The Moral is, Don’t Read the Fourth Panel – HELL WAS FULL Advance Review
Hell Was Full
Written and Illustrated by Branson Reese
Published by Oni Press
Release Date: July 8th, 2020
Some of the best comics from the popular web series are now collected in a single edition. This book, published by Oni Press, also includes never before seen material. According to his website, this will be the first time Reese’s original work has been published, but he’s written comedy in various mediums for years. His writing credits include We Bear Bears and Late Night with Seth Meyers. He’s also provided illustrations for several magazines and books. Now readers can enjoy Reese’s talents in Hell Was Full, which releases next week on July 8th.
Much like the strips found in newspapers, most the comics in this book are three to four panels in length, with a few being either longer or shorter. Each tells its own self contained joke or relays a short scene. Reese provides a sentence or two of commentary beneath each of the comics as well. Some of the comics are clever, some made me chuckle from their sheer absurdity, and others flew right over my head.
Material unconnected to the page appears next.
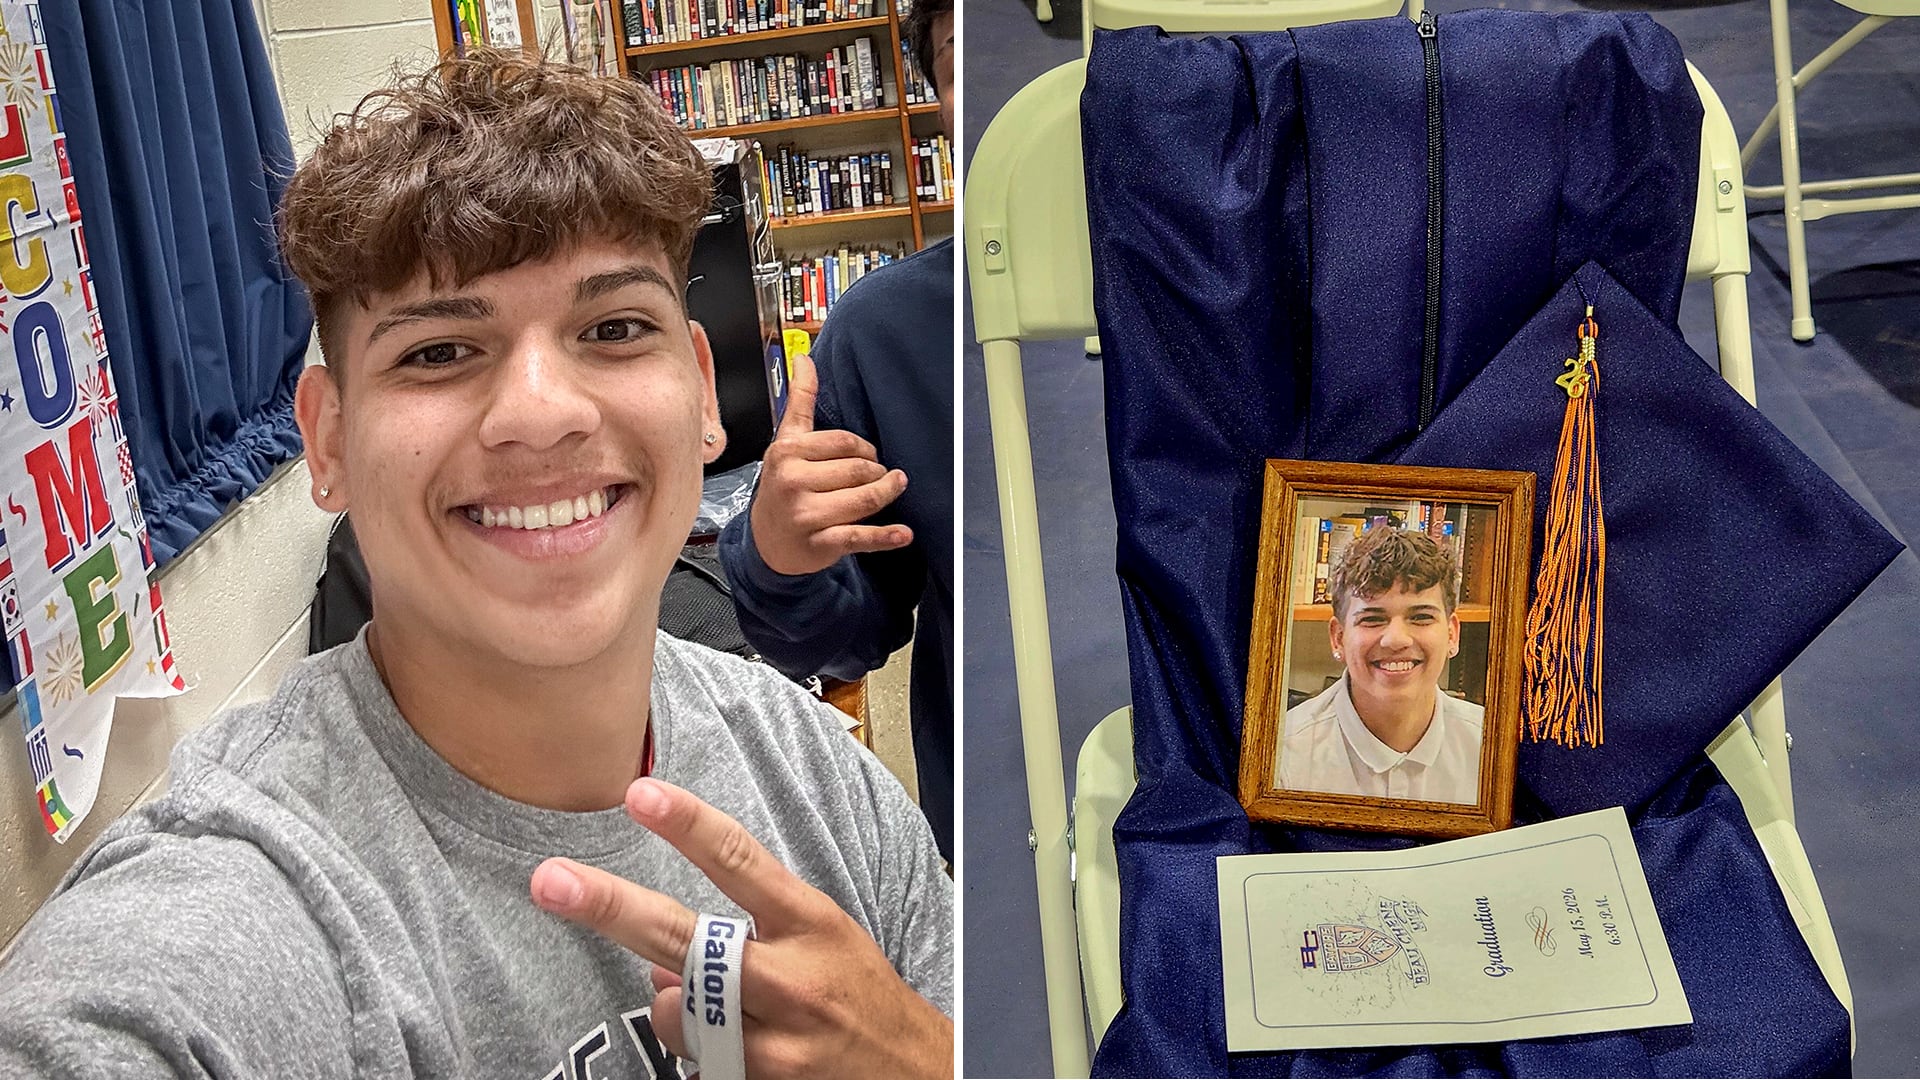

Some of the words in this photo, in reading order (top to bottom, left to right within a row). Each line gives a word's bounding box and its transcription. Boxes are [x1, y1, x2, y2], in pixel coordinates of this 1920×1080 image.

Honestly, Reese’s alt-text commentary was often funnier than (or at least increased the humor of) the comics themselves.
A few of my favorite strips included: A play on Of Mice And Men with the anthropomorphic M&M’s standing in for Lenny and Carl; a comic that explains why certain animals’ tails look the way they do; and comics featuring Joe Camel, Fred Flintstone, and Boo Berry. In no particular order, here are some of my favorite jokes or gags from Hell Was Full: A piggy bank that was actually a pig with “a lot going on medically.” A comparison of Papa John to figures from mythology. A bat’s metamorphosis into a vampire. A dog who knows the concept of salvation and hell, but doesn’t know what fireworks are.
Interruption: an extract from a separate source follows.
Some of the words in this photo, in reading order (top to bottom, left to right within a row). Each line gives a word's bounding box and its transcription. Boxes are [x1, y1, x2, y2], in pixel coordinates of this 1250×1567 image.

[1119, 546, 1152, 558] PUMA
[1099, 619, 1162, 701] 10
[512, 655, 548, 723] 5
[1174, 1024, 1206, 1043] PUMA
Each panel seems to be hand drawn. This gives each strip a surreal look, which fits the tone of many of the comics. Most are presented in black and white, but there are a few colored strips. I do wish the lettering was done a little better though. It was often hard to read the small and messy script. I was reminded of reading someone else’s handwriting (which technically I was, considering Reese drew all the comics in this book). Although there were some visual gags, many of the comic’s punchlines relied on the reader being able to read the dialogue. One reason some of the jokes didn’t land with me was because I struggled to read what was written in some of the panels. Luckily, the alt-text was printed, so even when I couldn’t read the dialogue, I still got a laugh from Reese’s commentary.
Many of the comics in Hell Was Full are good for a chuckle, and the occasional guffaw. Like all comedy, the humor in each strip is subjective. The comedy in Hell is Full though, is more subjective than most. Reese has a twisted sense of humor, punctuated by the abstract bent of his art. If you’ve followed the strip on the internet, now’s your chance to own them all in a single book. Plus this collection comes with new material as well. Pick up Hell Was Full when it comes out on July 8th or pre-order your copy today.